There are few foods as universally beloved as bread; it has formed one of the foundational pillars of the human diet for thousands of years, and remains a vital staple all over the world. That being said, white bread isn’t the most interesting choice for a meal; in fact, “white bread” is often used to describe something that is very boring, plain or drab.
If white bread is a common part of your diet, then you are surely familiar with the process of toasting that same bread. A warm slice of toast slathered with melting butter is often far more delectable than a flimsy slice of white bread. The physical change in color and texture (between bread and toast) is immediately noticeable, which leads many people to wonder whether the nutritional content changes as well!

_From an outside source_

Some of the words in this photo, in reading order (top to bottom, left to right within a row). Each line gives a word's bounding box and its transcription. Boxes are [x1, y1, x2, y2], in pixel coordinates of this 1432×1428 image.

If toasting a piece of bread can help to reduce the caloric content of this carb-dense food, it may be ideal for people trying to lose weight! Before we get into the caloric shift that occurs in the process of toasting bread, let’s first look at what actually happens when you slip a slice into your toaster!

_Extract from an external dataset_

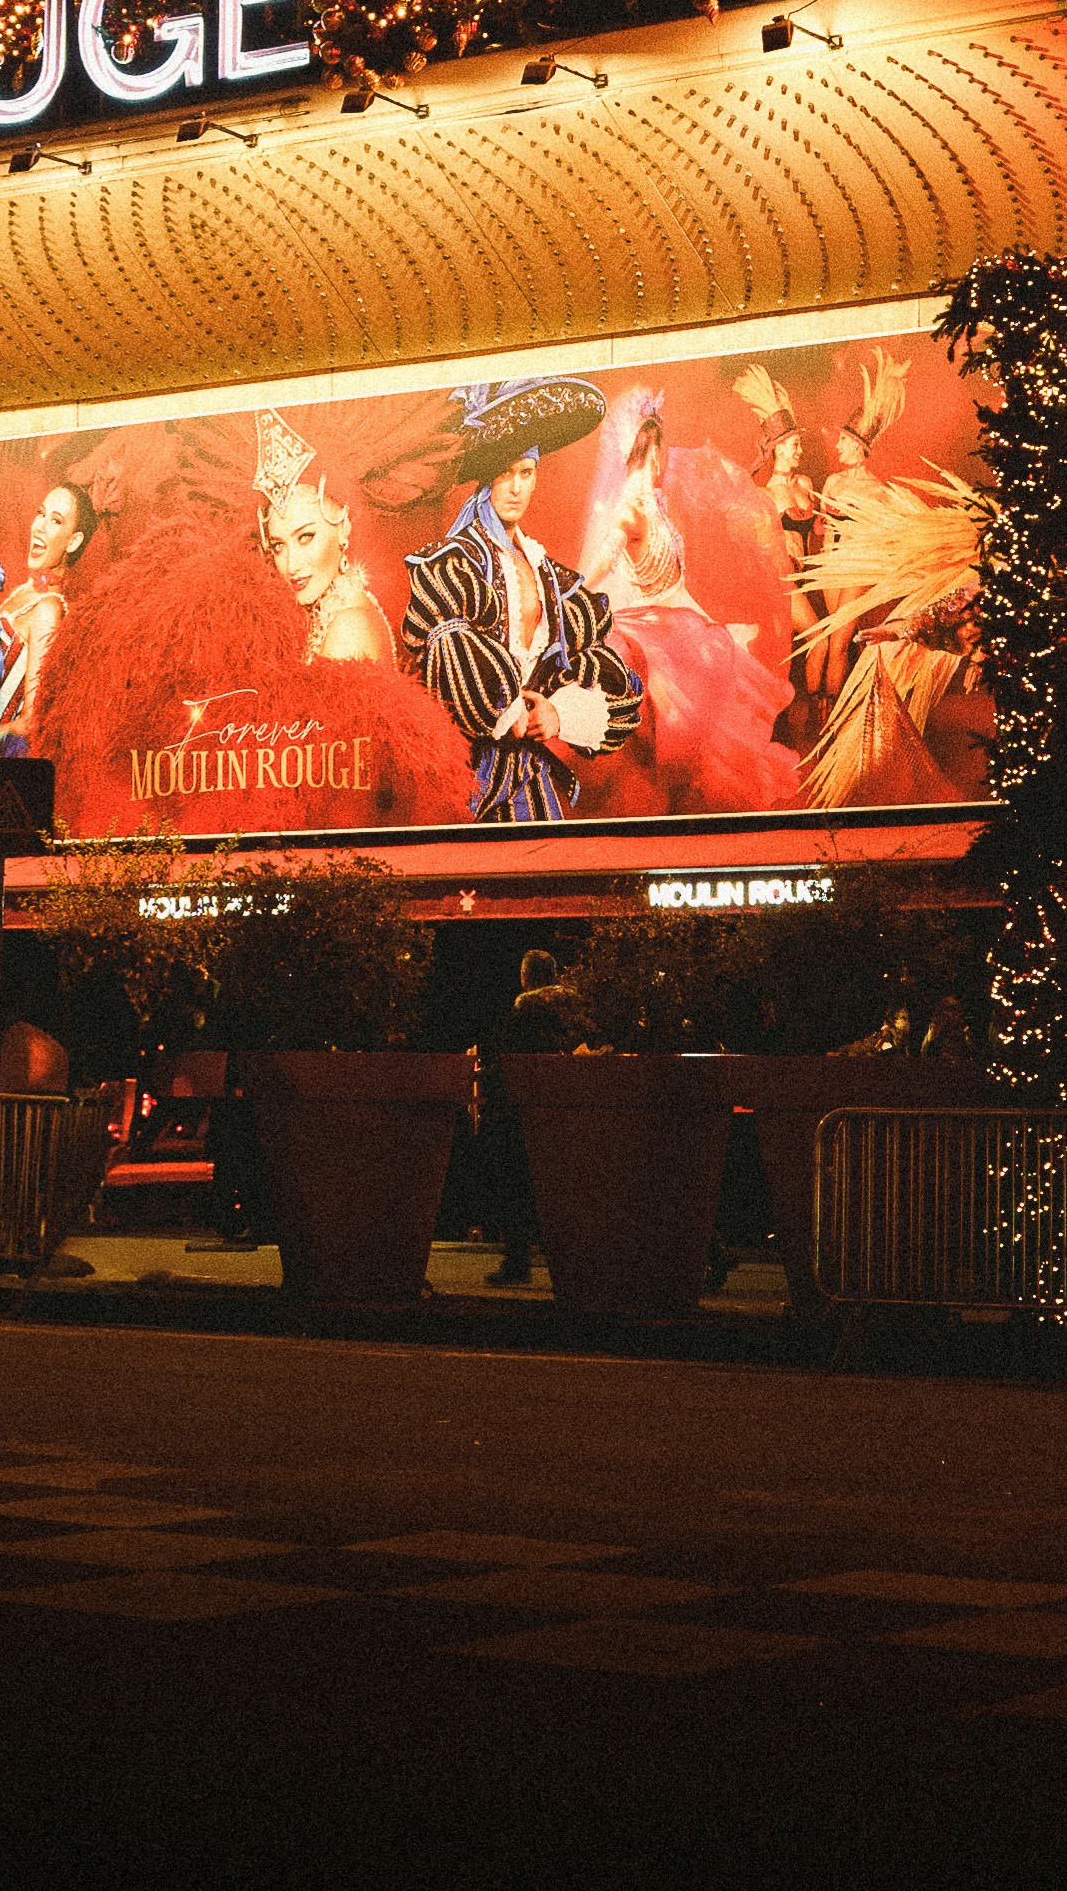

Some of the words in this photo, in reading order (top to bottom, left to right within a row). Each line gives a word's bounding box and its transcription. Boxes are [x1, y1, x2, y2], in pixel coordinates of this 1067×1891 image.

[163, 688, 325, 769] Forever
[129, 748, 249, 802] MOULIN
[255, 737, 372, 791] ROUGE
[648, 880, 744, 908] MOULIN

What Happens When Bread Is Toasted?
When you put a slice of bread in the toaster and the coils begin to heat up, a very special chemical reaction occurs. At temperatures of roughly 140–165 °C (285–330 °F), a Maillard reaction proceeds rapidly across the surface of the bread. You may not be familiar with the name of this process, but you have certainly enjoyed its effects in countless different foods. This is essentially a form of caramelization involving the outer molecules of the bread, namely the amino acids and sugars. The heat evaporates any excess water, which induces the start of these reactions on the outer molecules of the bread.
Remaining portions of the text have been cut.